The Humanities Programmer

Following a comment by Alex O’Connor I pushed all my code up on GitHub. I had planned to do this at some stage, but it never crossed my mind that somebody would be interested to study how I am writing the code for this project. On closer thinking about it, it is actually a fascinating topic.  More and more humanities research with no or little CS background learn programming languages in order to have another tool in their toolbox for text processing, online publishing, etc.

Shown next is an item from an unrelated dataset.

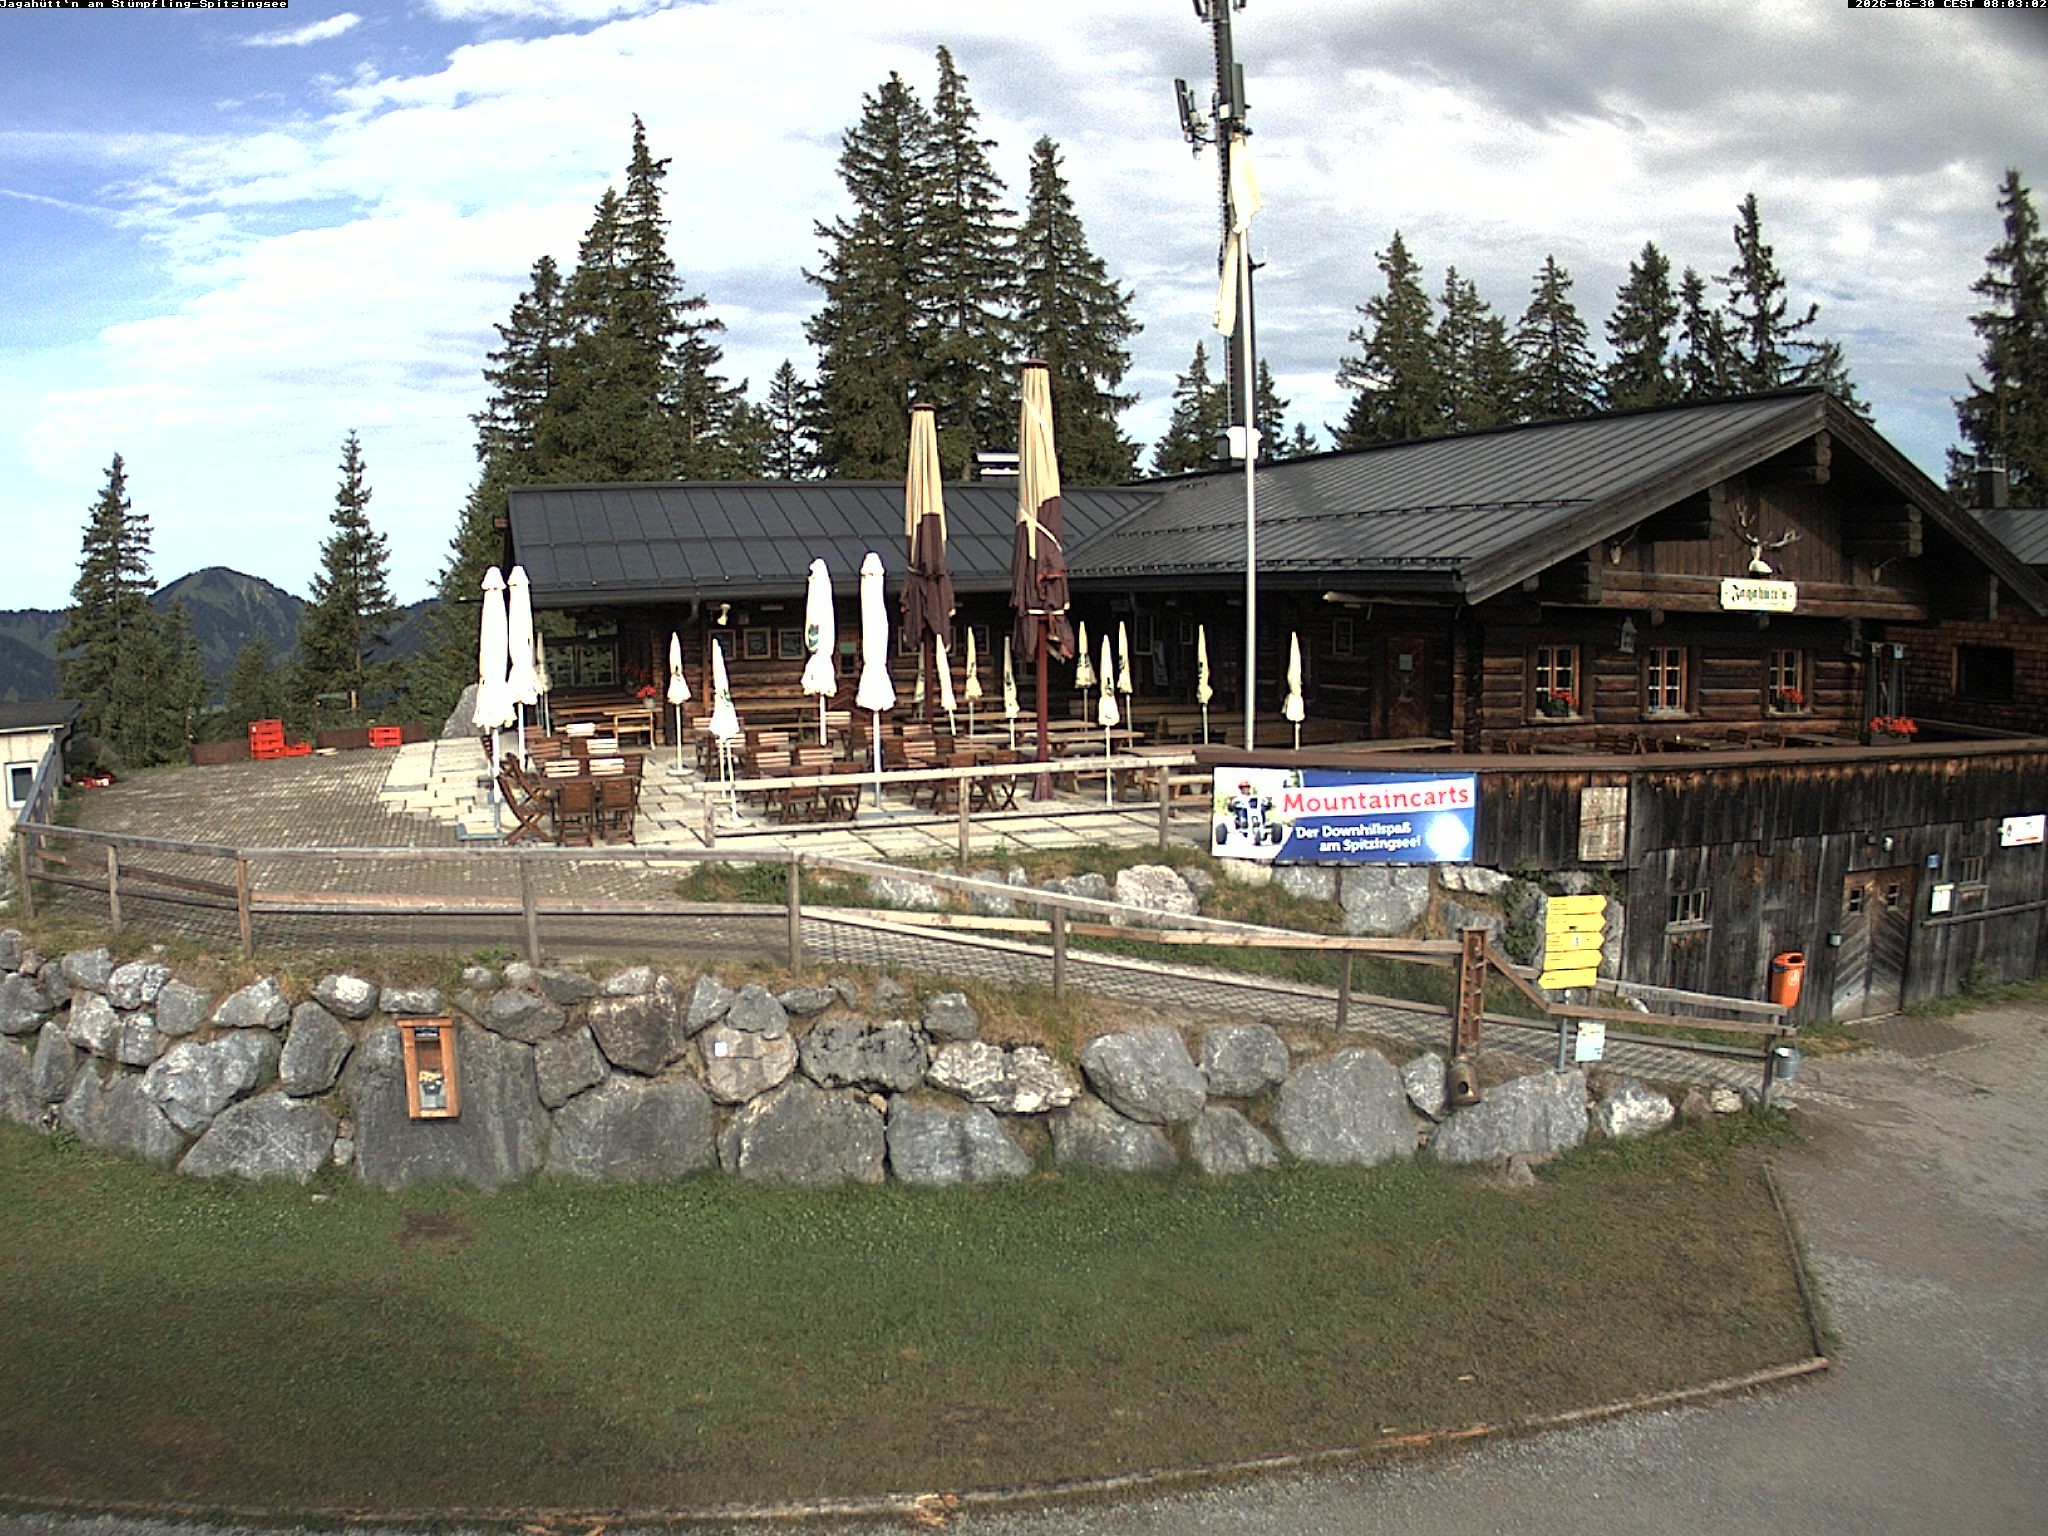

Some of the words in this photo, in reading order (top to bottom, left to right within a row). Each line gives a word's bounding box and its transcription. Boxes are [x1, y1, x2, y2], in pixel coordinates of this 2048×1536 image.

The interest in and use of programming languages by Humanities scholars goes way back into the 1960 and 1970s when collation concordances and collation software was developed. The use of this software required at least some knowledge of a programming language. From 1966 on a number of articles about programming languages for humanities research appeared in the journal Computers and the Humanities. The ability of a language to allow the Humanities Scholar ‘to split, scan, measure, compare, and join strings’ were essential, but also tasks like text formatting required programming knowledge at that time. The article also emphasizes that in the future programming languages for “complex pattern-matching problems that arise in musical or graphic art analysis” will become important too. A 1971 article in the same journal gives an overview over languages ‘easy to learn’ for humanities scholars (ALGOL, APL/360, BASIC, COBOL, FORTRAN, PL/I, SNAP, SNOBOL).

The most popular languages of recent years for humanities scholars are probably JavaScript, PHP, and Python. JavaScript and PHP because of their frequent use in web development, while Python is becoming more popular as a language for Natural Language Processing. This is for instance demonstrated by the many courses and summer schools addressing Python programming for humanities scholars. Examples are, the 2013 DARIAH Summer School in Goettingen or the this years Summer School in Goettingen, or ESU in Leipzig. Also the Austrian Centre for Digital Humanities in Graz, where I studied DH before coming to Dublin, moved from teaching Java programming to Python. Python is certainly a much more accessible language for humanities scholars and very useful for text processing. With more and more humanities scholars using programming languages (sometimes also only as a tool for one research task) it becomes relevant to explore how these scholars with often no CS background write code and generate software. Such studies will contribute to future developments of programming languages.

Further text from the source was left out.